First off, CS 241 is an excellent course, being taught by an excellent instructor, who really knows what he’s doing. I respect that. I’m not yet sure about CS 251, but this course as well is not that bad: with some effort, it is still manageable. CS 240, on the other hand… something needs to be said about the logistics of the course. Considering the mark I got in CS 145, I figured I was pretty well-prepared for upper-year CS courses. So why is this course posing such a problem to me? Here are some of the aspects I’ve noted:
- Many of the algorithms presented in class are quite subtle, with a variety of special cases. I don’t think they are being presented in enough detail. I’m often left guessing: “what should I do now?” when I try to simulate the algorithms as part of assignment questions. Often I run into cases that seem to not have been treated in any example, or even discussed.
- The assignments are long. Extremely long. They often require you to significantly extend ideas presented in class, but it feels like there is no effort made at all to guide the students through this. Instead, the problems make you struggle for hours while making very little progress. This is horribly discouraging and has caused me to just give up on many of the problems.
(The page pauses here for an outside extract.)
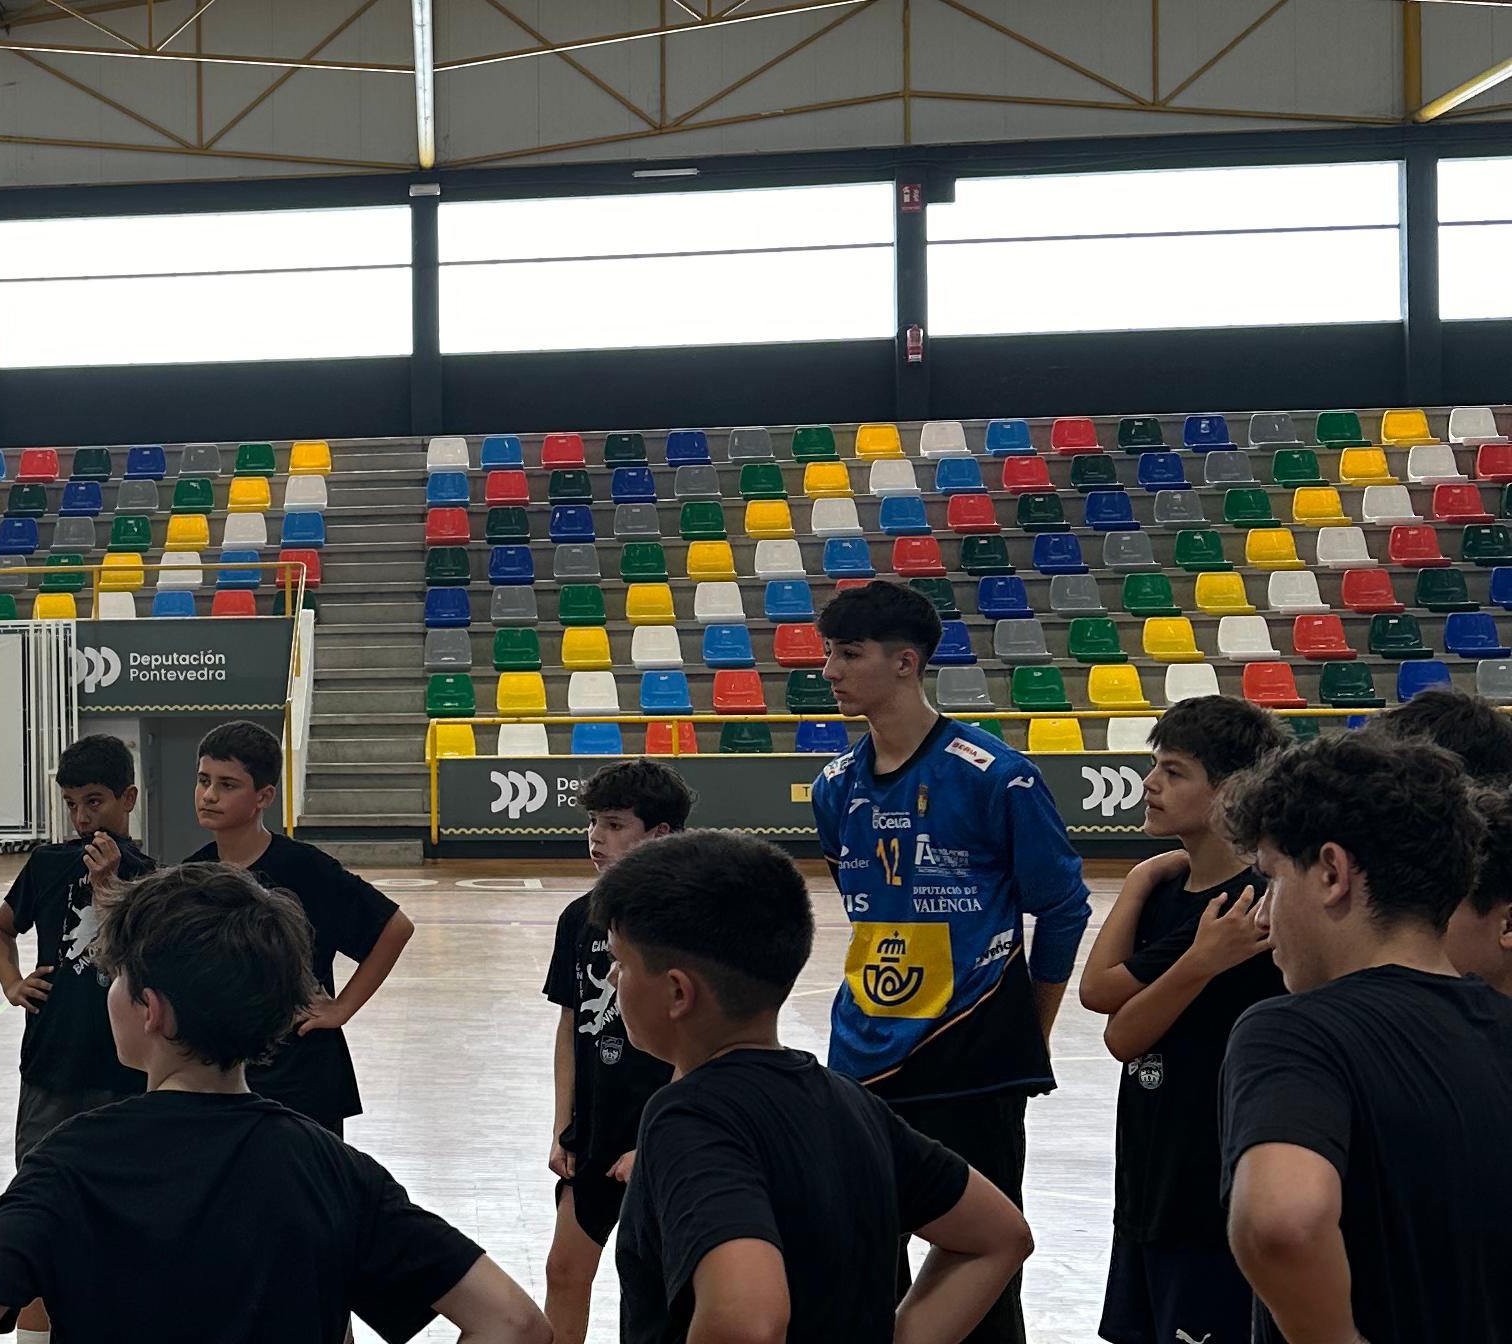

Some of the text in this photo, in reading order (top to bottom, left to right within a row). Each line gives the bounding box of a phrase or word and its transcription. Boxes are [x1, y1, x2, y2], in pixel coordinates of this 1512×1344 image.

Assignment 1 was reasonable. The next two were a swift kick in the face, and the class average shows it. And guess what? They’re worth 25% of your overall mark. Moreover, if you don’t pass the assignments portion, you fail the whole course. Man, this just keeps getting better, doesn’t it?
- The data structures defined in class are nonstandard. That is, the definitions we use in class differ from those in the literature. This pretty much screws over any student’s efforts to learn the material from another source, be it a textbook, or an online resource.
So now, I’m faced with a very difficult decision. I have one of three choices:
- Ignore my better judgment and stay in the course, despite having already lost over 5% of my overall mark due to catastrophic performance on assignments.
- Drop CS 240 and take it next term in the hopes that things will be different (they probably won’t). This causes a nauseating avalanche in my course sequencing, potentially delaying graduation.
- Drop CS 240 and stop studying computer science altogether. If I take this approach, it could either be the best, or the worst, decision I ever make in my life.
I will perhaps write another post on these issues. They have been plaguing my thoughts for at least two weeks now.